Young Cat Balou gifted me with a DVD of the television mini series Feud : Bette and Joan, as in Davis and Crawford, and based on the making of the movie “Whatever Happened To Baby Jane”. Starring Susan Sarandon and Jessica Lange respectively I adored this muck in all its depressing detail about the treatment of women particularly by the Hollywood machine during the so-called Golden Years. My viewing partner found the bitchiness between these two “stars” too brutal to watch and scampered after Part 4 which was okay as it meant sharing the Toblerone (and plonk) was no longer required for the final 4 parts. Besides, if I’m invested allow me to view in peace.

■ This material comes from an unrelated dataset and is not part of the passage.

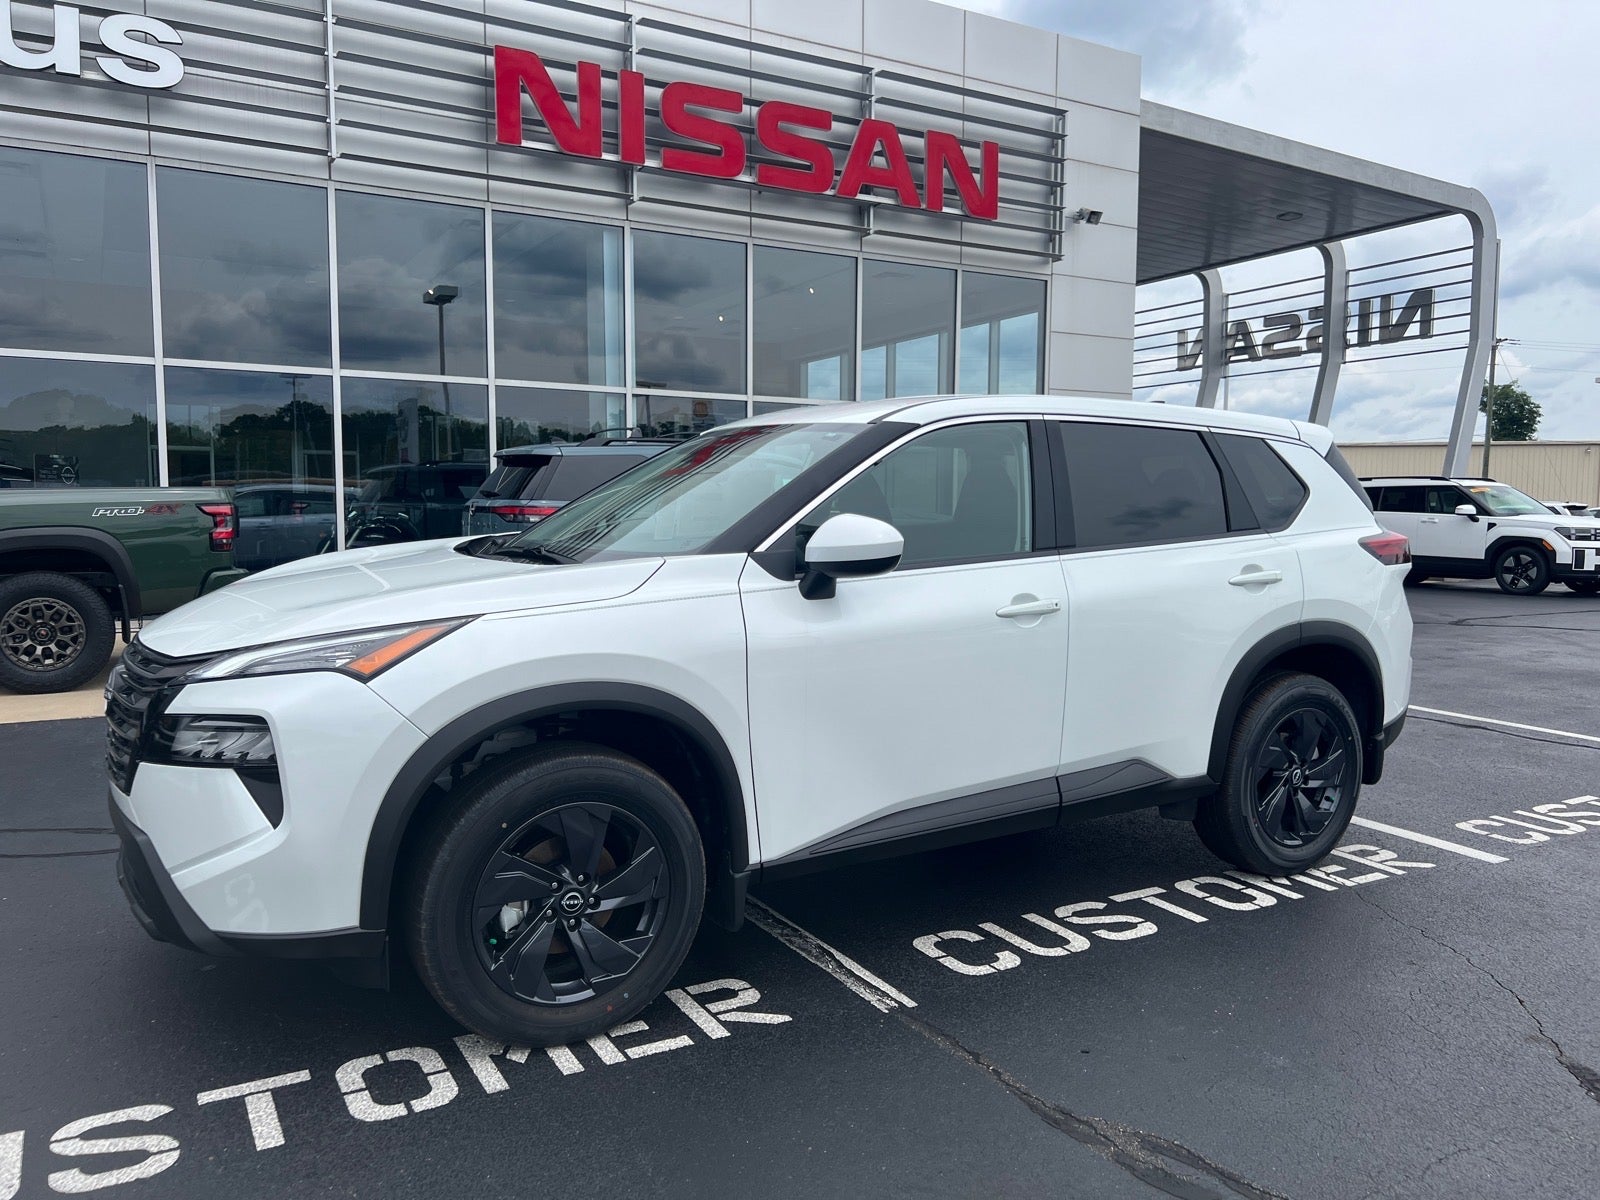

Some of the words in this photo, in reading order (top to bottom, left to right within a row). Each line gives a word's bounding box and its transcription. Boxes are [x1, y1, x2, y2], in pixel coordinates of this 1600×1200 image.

[494, 44, 999, 220] NISSAN
[912, 844, 1437, 976] CUSTOMER
[0, 978, 793, 1200] STOMER

Does that work for you too?

My favourite viewing was an obscure little Australian flick (1998) which I am adding to my list of favourite Xmas movies, right up there with Die Hard, and Joyeux Noel. It made such a little ripple upon its release that I’m giving you all 12 months to locate a copy for December 2022.

Crackers is a Christmas movie that will resonate with many as it includes much of our Aussie culture including dog poop, a pub brawl, weed in the mince pies, and grandpa, an old Rat Of Tobruk, who hits the turps and is an ex con. The aesthetics are straight from Christmas’s past: the wooden spoon and fork hanging on the wall, the painted tyres turned into swan planters on the front lawn, the aboveground swimming pool. It’s every bit as chaotic as Christmas always tends to be, yet amongst all the dysfunction it’s about a family who cares about each other.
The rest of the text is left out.